What you should do.
Go through the entries below and copy each line containing the word "POWELL".
::::
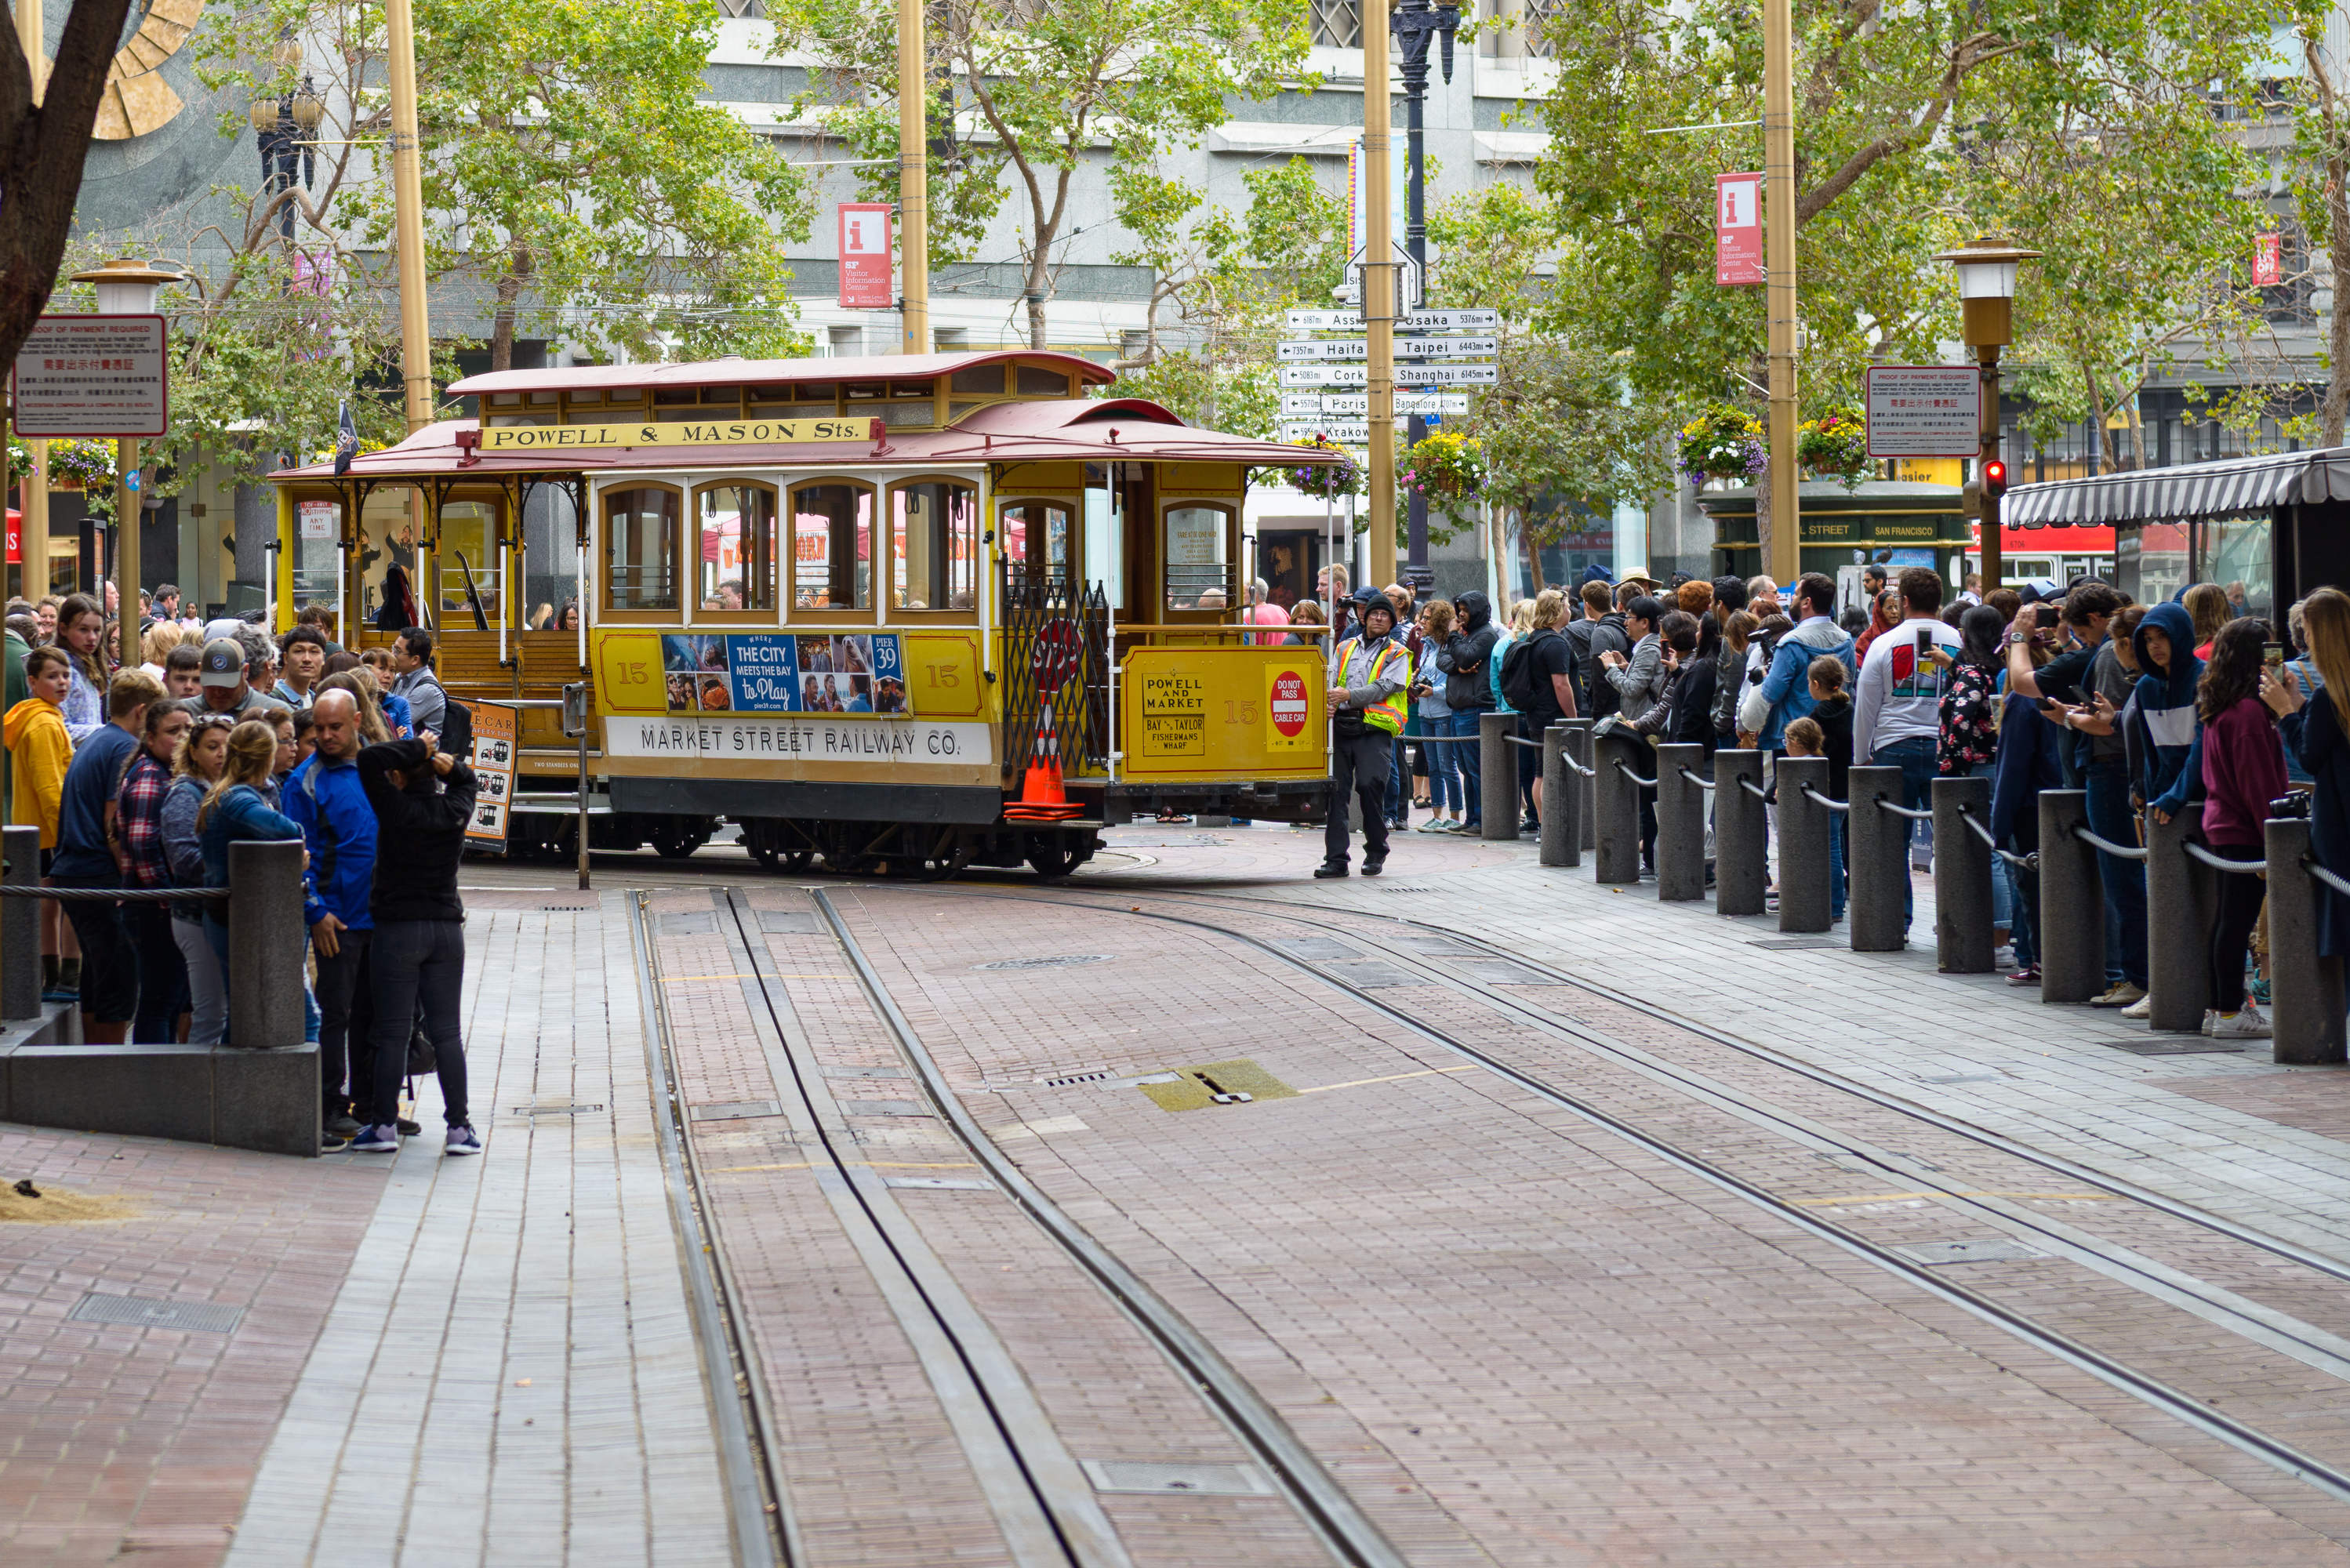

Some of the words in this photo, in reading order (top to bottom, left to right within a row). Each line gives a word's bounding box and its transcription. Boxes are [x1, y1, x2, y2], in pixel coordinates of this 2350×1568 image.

[1722, 235, 1734, 244] SF
[845, 261, 859, 269] SF
[1303, 315, 1322, 324] 6187mi
[1460, 315, 1483, 323] 5376mi
[1292, 346, 1315, 355] 7357mi
[1327, 344, 1364, 355] Haifa
[1405, 342, 1449, 354] Taipei
[1459, 342, 1483, 351] 6443mi
[1299, 370, 1320, 379] 5083mi
[1334, 370, 1364, 380] Cork
[1400, 370, 1455, 383] Shanghai
[1300, 400, 1321, 408] 5570mi
[1333, 398, 1366, 409] Paris
[1396, 398, 1436, 411] Bangalore
[494, 429, 617, 446] POWELL
[640, 426, 659, 442] &
[682, 423, 797, 441] MASON
[814, 422, 859, 438] Sts.
[1896, 471, 1932, 481] easier
[1809, 525, 1849, 535] STREET
[1875, 526, 1890, 535] SAN
[1892, 526, 1933, 536] FRANCISCO
[796, 535, 826, 561] ORN
[748, 635, 772, 644] WHERE
[875, 637, 894, 648] PIER
[736, 646, 758, 662] THE
[759, 646, 786, 662] CITY
[876, 648, 896, 670] 39
[617, 662, 649, 684] 15
[736, 666, 761, 676] MEETS
[761, 666, 776, 676] THE
[776, 666, 791, 676] BAY
[926, 665, 960, 688] 15
[1147, 679, 1202, 689] POWELL
[1278, 681, 1287, 690] DO
[1288, 680, 1301, 690] NOT
[742, 678, 757, 700] to
[757, 678, 790, 711] Play
[1282, 690, 1297, 699] PASS
[1147, 699, 1203, 708] MARKET
[1224, 700, 1258, 725] 15
[485, 715, 513, 730] CAR
[1275, 714, 1293, 723] CABLE
[1294, 714, 1305, 722] CAR
[1147, 720, 1161, 731] BAY
[1175, 719, 1202, 731] TAYLOR
[472, 727, 495, 736] AFETY
[497, 730, 513, 739] TIPS
[641, 724, 723, 750] MARKET
[733, 726, 814, 752] STREET
[825, 728, 915, 755] RAILWAY
[927, 730, 961, 756] CO.
::::
Answer box.
[494, 429, 617, 446] POWELL
[1147, 679, 1202, 689] POWELL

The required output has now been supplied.